Came out to my boss as a migraineuse today. I was going to around now anyway, but I woke up at 9:41 today, thereby TOTALLY missing my 8am meeting. And even at 10 I wasn't good to drive.
I want to go home. I hate being the last one in the office.
I think I am as full as possible. And yet, I want to go to sleep immediately. I know that is a bad idea. I'm not even full of good regional food; I'm full of America. I always forget how enormous America is.
So...Barbie decapitation, huh? I'm guessing that means the Barbie heads can go back on, right? I must share my childhood tale of woe.
I had a nice brunette Barbie (I'm sure it wasn't Barbie, but Margaret or something) that I liked very much. I also had a blonde Barbie that I didn't like as well, partially because I thought she had an entitled look on her face. Also, her silver dress was not as aesthetically pleasing. Anyway, one day, I was playing (rather roughly, as I did) with her, and I accidentally broke her head off.

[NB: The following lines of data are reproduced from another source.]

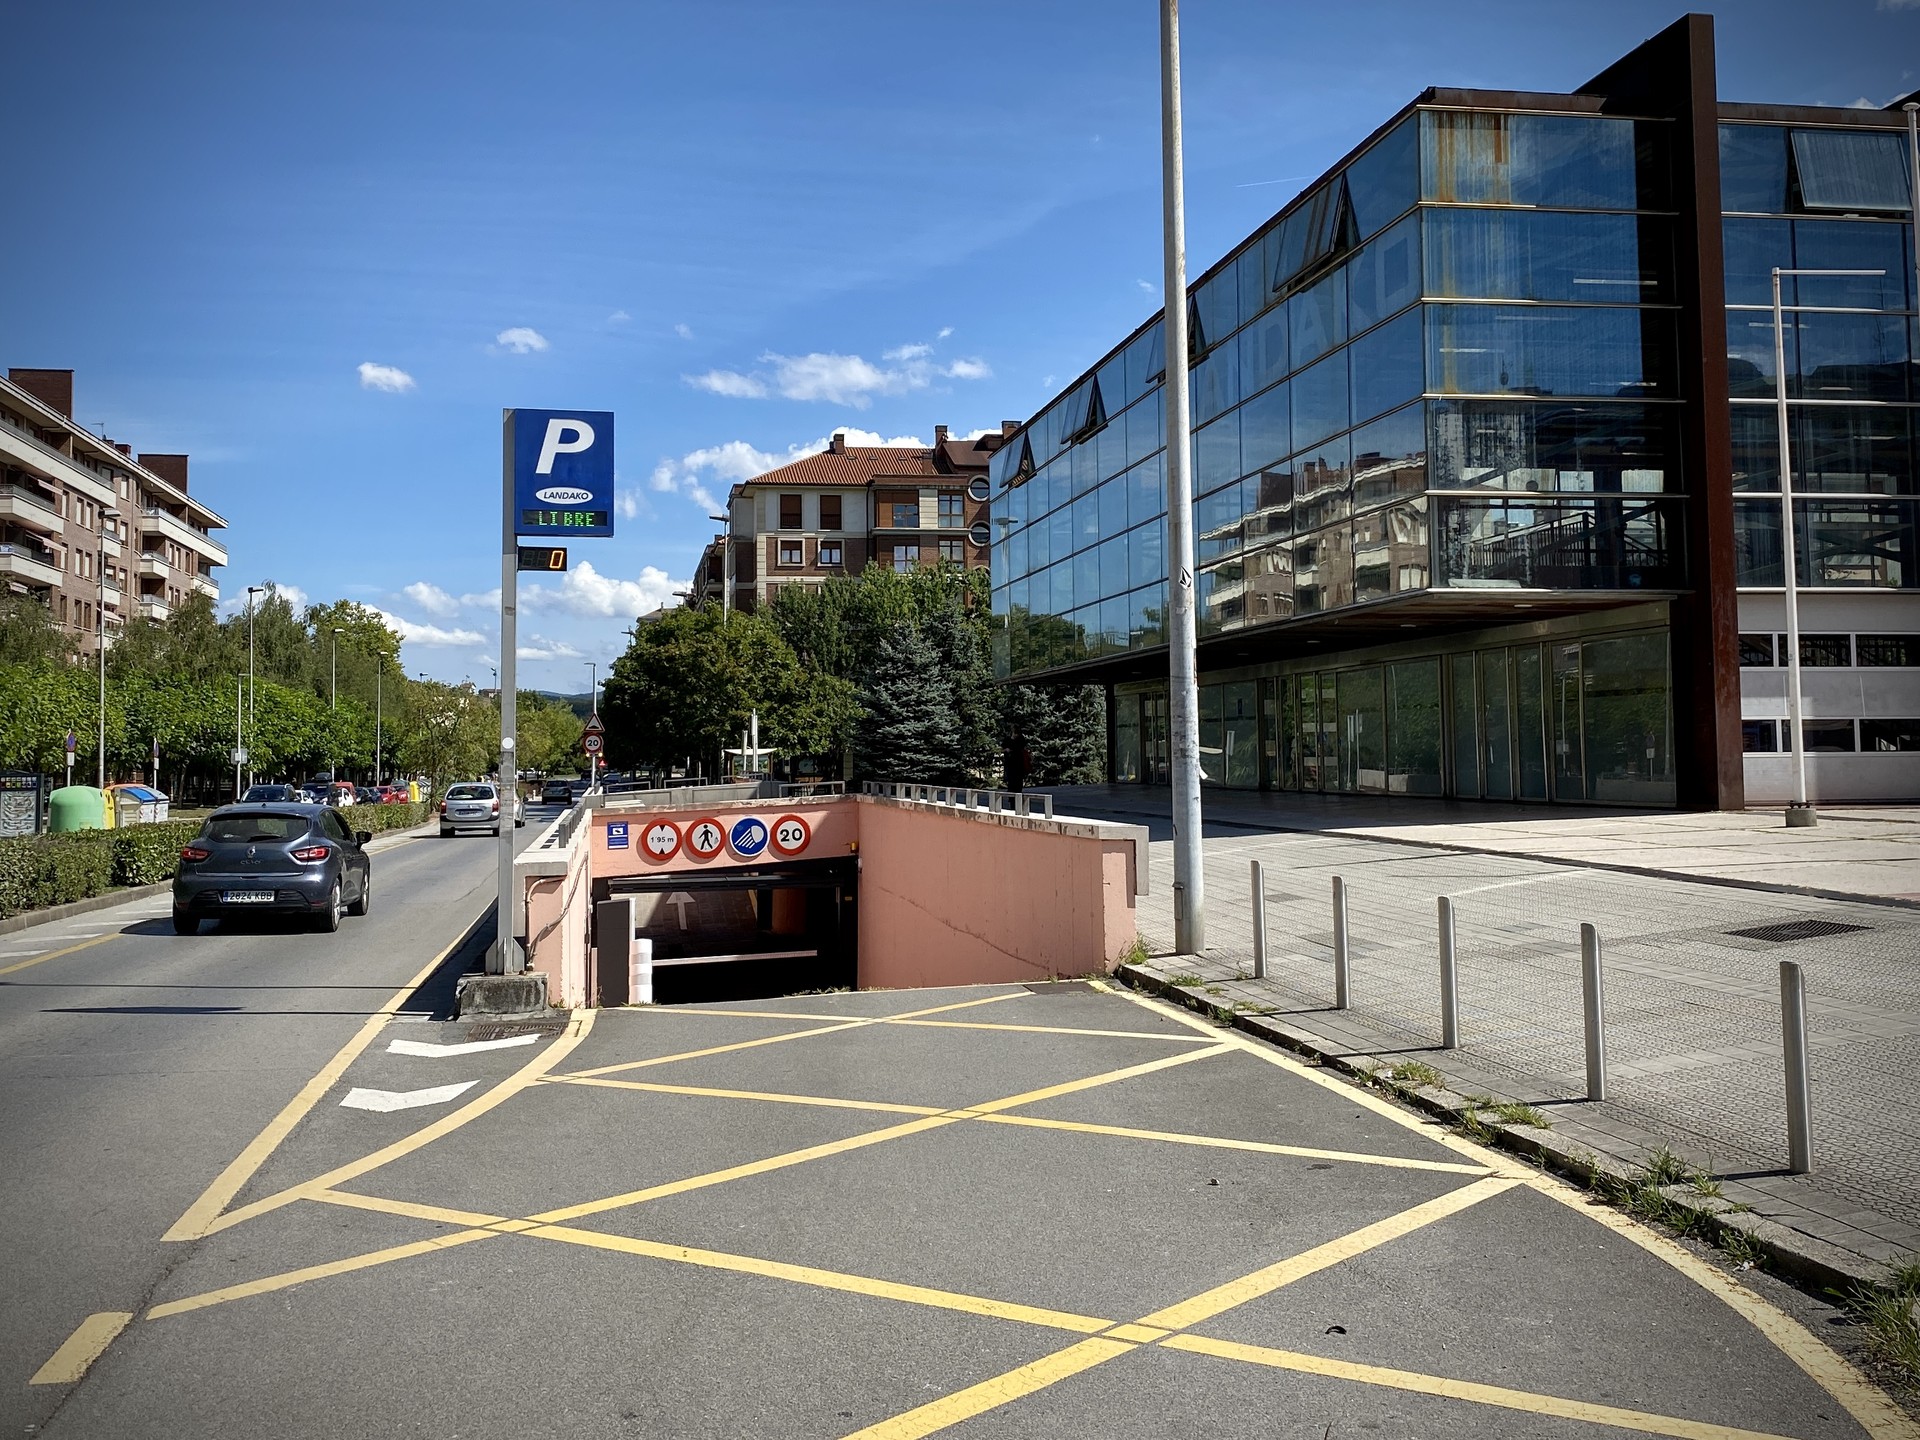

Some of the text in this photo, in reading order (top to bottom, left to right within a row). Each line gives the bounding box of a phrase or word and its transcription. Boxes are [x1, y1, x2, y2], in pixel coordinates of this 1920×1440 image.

[1193, 219, 1421, 424] ANDAKO
[535, 418, 595, 475] P
[543, 490, 589, 500] LANDAKO
[538, 511, 595, 527] LIBRE
[549, 550, 565, 569] 0
[587, 739, 599, 747] 20
[780, 828, 803, 842] 20

This was deeply traumatizing and I hid the body under my bed. And then (and this will tell you the sort of child I was) I prayed long repentant prayers asking God to please restore the mutilated body of my Barbie. For weeks.

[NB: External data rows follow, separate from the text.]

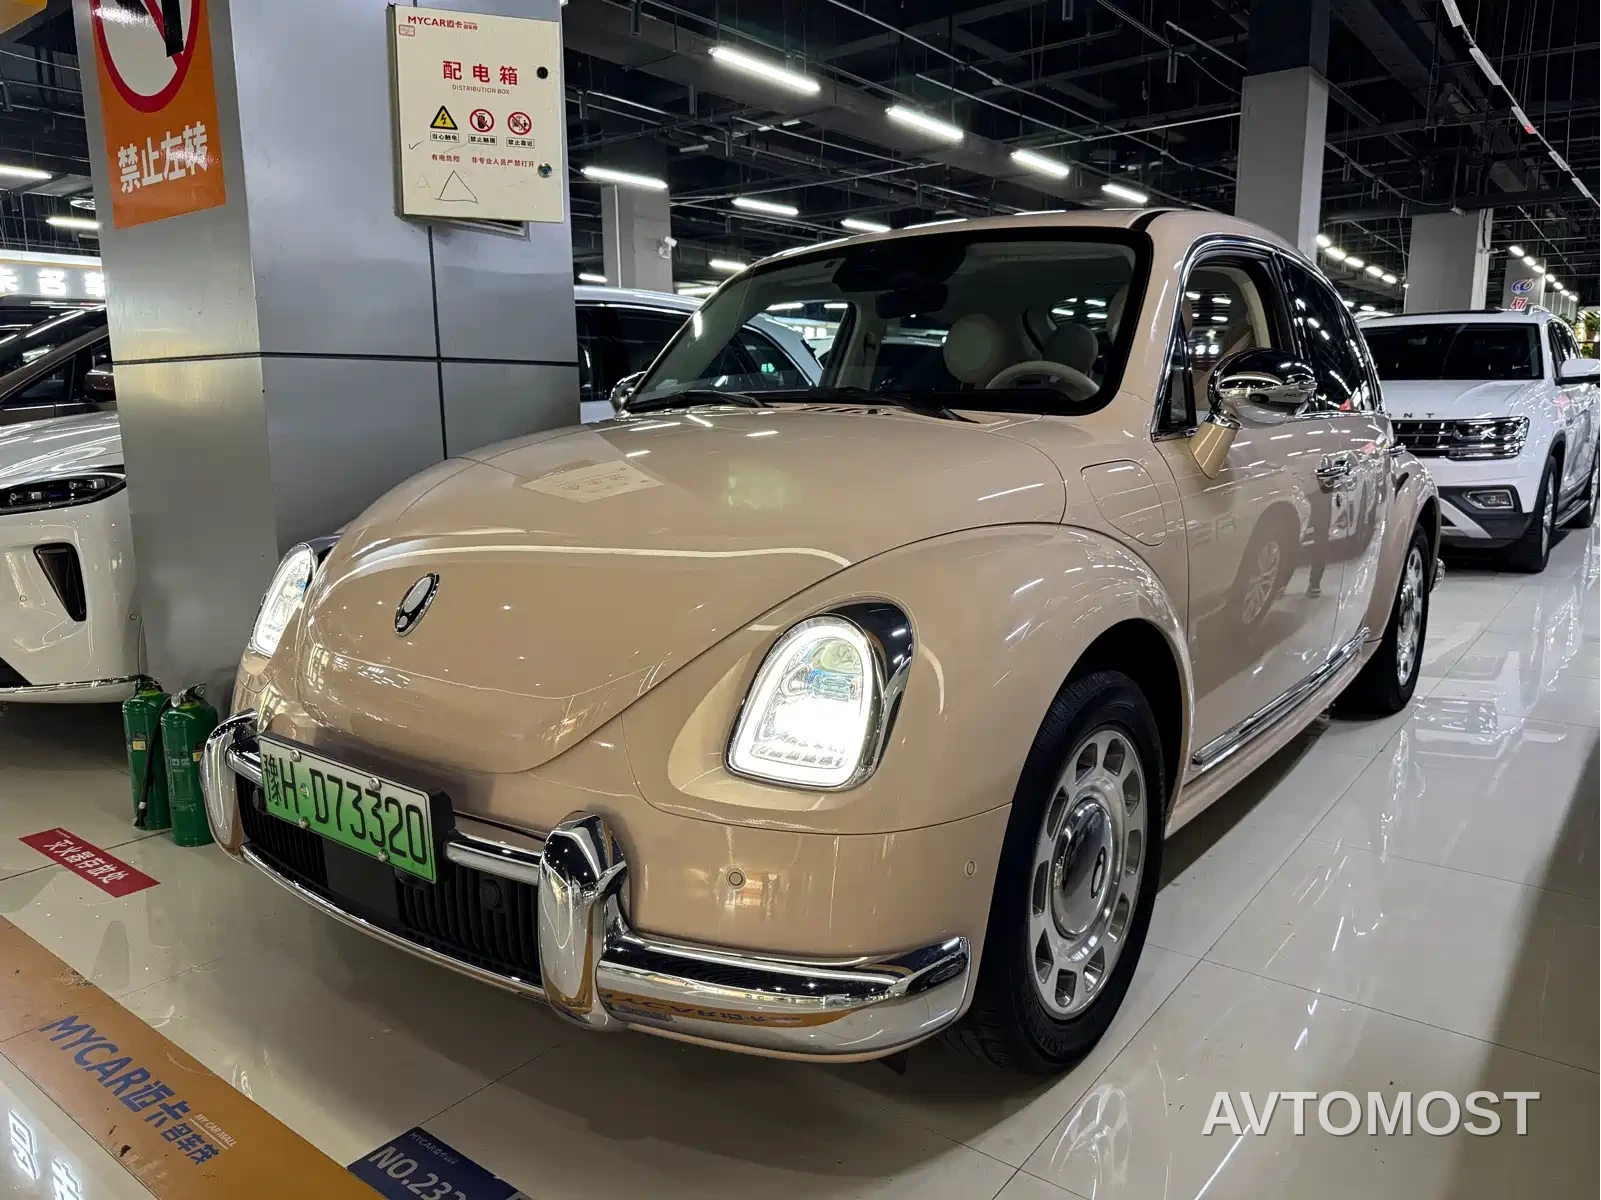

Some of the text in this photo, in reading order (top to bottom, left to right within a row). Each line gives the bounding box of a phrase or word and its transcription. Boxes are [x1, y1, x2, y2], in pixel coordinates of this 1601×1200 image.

[442, 60, 518, 86] 配电箱
[452, 84, 496, 94] DISTRIBUTION
[432, 133, 458, 141] 当心触电
[117, 121, 209, 194] 禁止左转
[431, 154, 461, 163] 有电危险
[471, 156, 535, 168] 非专业人员严禁打开
[42, 839, 130, 884] 灭火器存放处
[204, 1121, 222, 1134] CAR
[215, 1131, 238, 1148] MALL

He did not, so eventually, I confessed my crime to my mother who, now that I think about it, I'm pretty sure laughed heartily, and that was that.
But see, I didn't know the heads went back on. So now I'm thinking God was going, "What're you asking me for? Stick the thing back on yourself!"

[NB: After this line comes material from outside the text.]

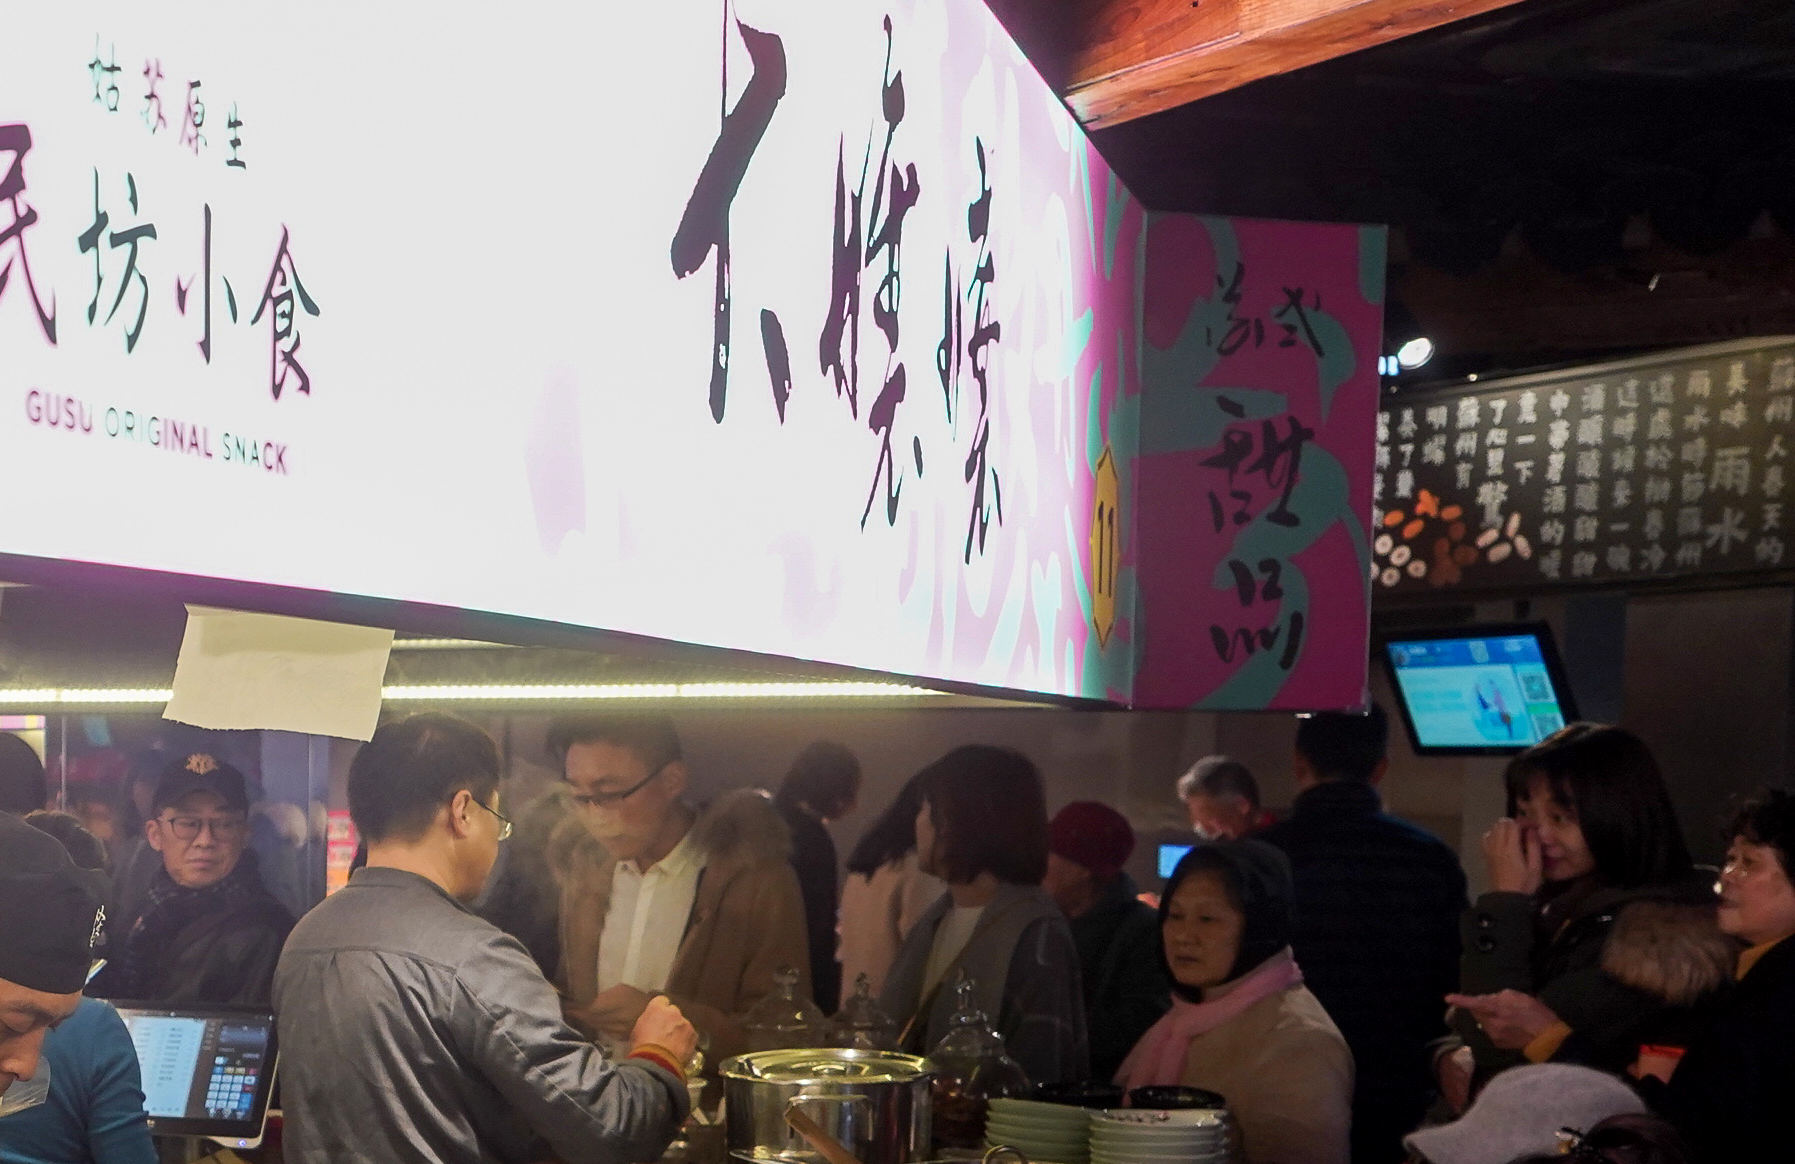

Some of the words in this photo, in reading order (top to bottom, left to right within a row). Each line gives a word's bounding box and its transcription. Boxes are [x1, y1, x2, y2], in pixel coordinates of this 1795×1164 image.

[26, 389, 93, 433] GUSU
[105, 406, 213, 459] ORIGINAL
[222, 432, 288, 475] SNACK

eta: Which I think probably he says a lot.
Liese, at best God was having a laugh at your expense.
My current quick pasta sauce is now cream, freshly ground pepper, and freshly diced tomatoes.
I wish I had any conviction I was going to get an appetite tonight.
I
should
just eat anyway.
Oh man, Liese. I feel sad in a slightly laughing sort of way for your young self.
Jesse, was the BBQ good?
I didn't even have it! The locals brought us to... Grand Luxe, which is apparently a Cheesecake Factory spinoff. America.
Liese mad god snicker.
You know, downloading that free Supernatural ep of iTunes is
fast.
I mean, compared to other means I might have ever used to acquired TV.
I should put it on the video iPod and then watch it as I walk to work tomorrow. It'll be the 21st century version of me reading books on my walk to and from school.
Re: Pie crusts - what about Naked Apple Pie and crusts made out of graham vracker crumbles or oreo bits or that cereal that i can't remember the name of? Grapenuts. Oh, and Shepherd's Pie is totally pie in my book. It's right there in the name. If I bake it in a pie pan, I feel justified in calling it pie, basically.
The cobbler I grew up with was basically fruit and sugar topped with biscuits, yes. Yummy.
I have to write professional thank you emails and I hate writing and having to concentrate on saying the right things.